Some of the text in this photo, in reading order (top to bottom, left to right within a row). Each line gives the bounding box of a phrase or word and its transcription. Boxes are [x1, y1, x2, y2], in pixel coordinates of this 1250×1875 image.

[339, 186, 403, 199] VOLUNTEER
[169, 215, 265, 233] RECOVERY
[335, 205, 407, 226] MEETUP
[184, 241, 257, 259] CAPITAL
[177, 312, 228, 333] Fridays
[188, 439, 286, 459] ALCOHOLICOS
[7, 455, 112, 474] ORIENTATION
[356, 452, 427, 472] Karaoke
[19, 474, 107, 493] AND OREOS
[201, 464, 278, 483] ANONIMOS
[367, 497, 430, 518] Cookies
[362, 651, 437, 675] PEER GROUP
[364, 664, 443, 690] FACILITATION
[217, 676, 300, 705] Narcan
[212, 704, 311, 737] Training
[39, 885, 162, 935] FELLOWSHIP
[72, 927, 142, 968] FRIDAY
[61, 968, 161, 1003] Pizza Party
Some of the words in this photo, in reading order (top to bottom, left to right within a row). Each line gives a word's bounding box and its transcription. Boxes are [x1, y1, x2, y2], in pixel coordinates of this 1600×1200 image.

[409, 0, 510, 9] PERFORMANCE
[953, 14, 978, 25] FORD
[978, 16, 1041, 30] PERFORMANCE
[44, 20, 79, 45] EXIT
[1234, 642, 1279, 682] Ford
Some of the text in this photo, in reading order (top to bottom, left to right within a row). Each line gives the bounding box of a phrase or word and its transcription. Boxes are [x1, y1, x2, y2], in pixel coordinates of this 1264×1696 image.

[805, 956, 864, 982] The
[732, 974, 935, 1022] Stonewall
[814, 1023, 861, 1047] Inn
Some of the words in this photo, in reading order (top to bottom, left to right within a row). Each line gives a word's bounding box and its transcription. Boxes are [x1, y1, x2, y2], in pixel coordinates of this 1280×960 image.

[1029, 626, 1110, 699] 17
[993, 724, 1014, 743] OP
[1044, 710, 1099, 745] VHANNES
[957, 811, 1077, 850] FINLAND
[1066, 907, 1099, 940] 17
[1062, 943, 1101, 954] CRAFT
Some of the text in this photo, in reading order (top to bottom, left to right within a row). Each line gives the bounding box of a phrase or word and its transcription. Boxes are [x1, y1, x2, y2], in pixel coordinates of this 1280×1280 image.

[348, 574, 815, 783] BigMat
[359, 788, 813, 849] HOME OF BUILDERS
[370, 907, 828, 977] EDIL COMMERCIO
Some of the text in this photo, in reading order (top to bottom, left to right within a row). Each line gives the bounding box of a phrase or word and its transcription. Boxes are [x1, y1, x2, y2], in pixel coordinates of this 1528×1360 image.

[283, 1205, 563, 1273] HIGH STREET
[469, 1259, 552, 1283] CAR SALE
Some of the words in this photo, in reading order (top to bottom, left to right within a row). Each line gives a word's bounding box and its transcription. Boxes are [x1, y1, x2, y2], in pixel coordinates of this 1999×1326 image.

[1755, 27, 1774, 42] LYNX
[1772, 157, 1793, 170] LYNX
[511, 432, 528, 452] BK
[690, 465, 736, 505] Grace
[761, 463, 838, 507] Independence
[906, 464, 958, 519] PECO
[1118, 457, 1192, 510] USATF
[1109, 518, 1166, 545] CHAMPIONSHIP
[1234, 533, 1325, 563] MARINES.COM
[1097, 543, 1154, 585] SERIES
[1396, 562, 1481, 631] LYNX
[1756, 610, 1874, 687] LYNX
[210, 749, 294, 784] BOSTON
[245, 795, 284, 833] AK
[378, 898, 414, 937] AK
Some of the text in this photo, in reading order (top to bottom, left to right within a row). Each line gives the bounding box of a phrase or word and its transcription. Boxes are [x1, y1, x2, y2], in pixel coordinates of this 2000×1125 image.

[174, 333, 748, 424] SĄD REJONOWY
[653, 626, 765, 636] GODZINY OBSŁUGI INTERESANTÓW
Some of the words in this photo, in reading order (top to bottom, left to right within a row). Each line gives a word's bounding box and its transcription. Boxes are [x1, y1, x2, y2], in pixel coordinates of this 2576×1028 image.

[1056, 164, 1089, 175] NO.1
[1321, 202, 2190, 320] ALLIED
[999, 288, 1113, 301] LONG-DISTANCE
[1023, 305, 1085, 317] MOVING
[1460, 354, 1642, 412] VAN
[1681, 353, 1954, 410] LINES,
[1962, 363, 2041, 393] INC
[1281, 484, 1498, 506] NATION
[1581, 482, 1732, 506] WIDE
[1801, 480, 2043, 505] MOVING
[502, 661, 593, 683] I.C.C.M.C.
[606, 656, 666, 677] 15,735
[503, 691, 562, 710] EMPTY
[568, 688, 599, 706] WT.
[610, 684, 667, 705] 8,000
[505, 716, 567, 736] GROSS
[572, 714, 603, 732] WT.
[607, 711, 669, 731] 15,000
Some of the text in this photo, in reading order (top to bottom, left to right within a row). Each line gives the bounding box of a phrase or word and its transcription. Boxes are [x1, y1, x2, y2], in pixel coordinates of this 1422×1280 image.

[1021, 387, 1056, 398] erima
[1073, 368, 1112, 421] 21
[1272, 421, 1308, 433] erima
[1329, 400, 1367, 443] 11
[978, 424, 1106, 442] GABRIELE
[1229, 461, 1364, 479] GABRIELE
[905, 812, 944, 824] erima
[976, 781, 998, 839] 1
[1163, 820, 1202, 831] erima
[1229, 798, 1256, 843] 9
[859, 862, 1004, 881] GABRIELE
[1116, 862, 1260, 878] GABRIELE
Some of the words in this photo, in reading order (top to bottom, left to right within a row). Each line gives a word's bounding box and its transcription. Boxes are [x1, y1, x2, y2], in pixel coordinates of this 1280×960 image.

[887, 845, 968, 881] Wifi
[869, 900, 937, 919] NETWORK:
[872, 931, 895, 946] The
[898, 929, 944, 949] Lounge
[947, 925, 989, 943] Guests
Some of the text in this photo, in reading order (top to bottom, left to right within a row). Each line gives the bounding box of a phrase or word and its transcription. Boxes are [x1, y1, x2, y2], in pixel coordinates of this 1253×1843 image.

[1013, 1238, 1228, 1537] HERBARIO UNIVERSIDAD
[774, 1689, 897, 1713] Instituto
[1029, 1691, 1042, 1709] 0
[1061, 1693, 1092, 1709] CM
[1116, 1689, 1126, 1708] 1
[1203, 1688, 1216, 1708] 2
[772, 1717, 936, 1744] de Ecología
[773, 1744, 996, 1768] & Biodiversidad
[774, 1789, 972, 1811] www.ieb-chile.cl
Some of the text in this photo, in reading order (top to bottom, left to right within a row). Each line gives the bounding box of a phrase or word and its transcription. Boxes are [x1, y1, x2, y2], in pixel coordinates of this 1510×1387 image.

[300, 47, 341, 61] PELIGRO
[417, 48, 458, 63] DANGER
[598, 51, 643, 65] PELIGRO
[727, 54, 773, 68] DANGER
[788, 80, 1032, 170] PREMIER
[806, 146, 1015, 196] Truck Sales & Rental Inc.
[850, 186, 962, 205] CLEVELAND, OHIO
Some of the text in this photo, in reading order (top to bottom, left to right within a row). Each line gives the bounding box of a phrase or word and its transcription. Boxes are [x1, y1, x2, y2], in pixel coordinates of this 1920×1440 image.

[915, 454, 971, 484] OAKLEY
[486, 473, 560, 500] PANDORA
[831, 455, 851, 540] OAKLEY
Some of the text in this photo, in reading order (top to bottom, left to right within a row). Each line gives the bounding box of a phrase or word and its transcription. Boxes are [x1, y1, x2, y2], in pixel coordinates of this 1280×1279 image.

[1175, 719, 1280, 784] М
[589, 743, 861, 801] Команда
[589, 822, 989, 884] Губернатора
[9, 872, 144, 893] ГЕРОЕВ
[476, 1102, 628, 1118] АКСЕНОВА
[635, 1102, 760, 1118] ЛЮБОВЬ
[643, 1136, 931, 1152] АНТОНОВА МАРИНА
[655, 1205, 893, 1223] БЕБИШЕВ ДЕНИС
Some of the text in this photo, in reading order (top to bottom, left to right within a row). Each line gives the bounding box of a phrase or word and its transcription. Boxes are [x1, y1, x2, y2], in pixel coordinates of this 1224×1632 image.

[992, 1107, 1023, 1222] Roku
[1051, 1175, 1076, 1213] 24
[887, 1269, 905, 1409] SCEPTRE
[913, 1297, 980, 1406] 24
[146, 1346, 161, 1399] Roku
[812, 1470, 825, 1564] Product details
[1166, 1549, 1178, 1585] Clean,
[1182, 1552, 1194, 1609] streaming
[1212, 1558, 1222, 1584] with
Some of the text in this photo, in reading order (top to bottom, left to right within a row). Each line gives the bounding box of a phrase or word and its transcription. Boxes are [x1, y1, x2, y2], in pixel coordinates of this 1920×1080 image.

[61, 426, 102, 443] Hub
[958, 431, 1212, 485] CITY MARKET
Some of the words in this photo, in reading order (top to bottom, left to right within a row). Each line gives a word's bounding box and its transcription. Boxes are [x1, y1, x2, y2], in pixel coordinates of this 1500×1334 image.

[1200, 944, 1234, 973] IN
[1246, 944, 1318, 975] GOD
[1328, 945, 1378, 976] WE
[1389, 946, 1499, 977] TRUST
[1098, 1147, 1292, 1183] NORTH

REQUIREMENT: Print exactly the lines between the line with "this 1500×1334 image." and the final line of the records above, both included.

ANSWER BOX:
Some of the words in this photo, in reading order (top to bottom, left to right within a row). Each line gives a word's bounding box and its transcription. Boxes are [x1, y1, x2, y2], in pixel coordinates of this 1500×1334 image.

[1200, 944, 1234, 973] IN
[1246, 944, 1318, 975] GOD
[1328, 945, 1378, 976] WE
[1389, 946, 1499, 977] TRUST
[1098, 1147, 1292, 1183] NORTH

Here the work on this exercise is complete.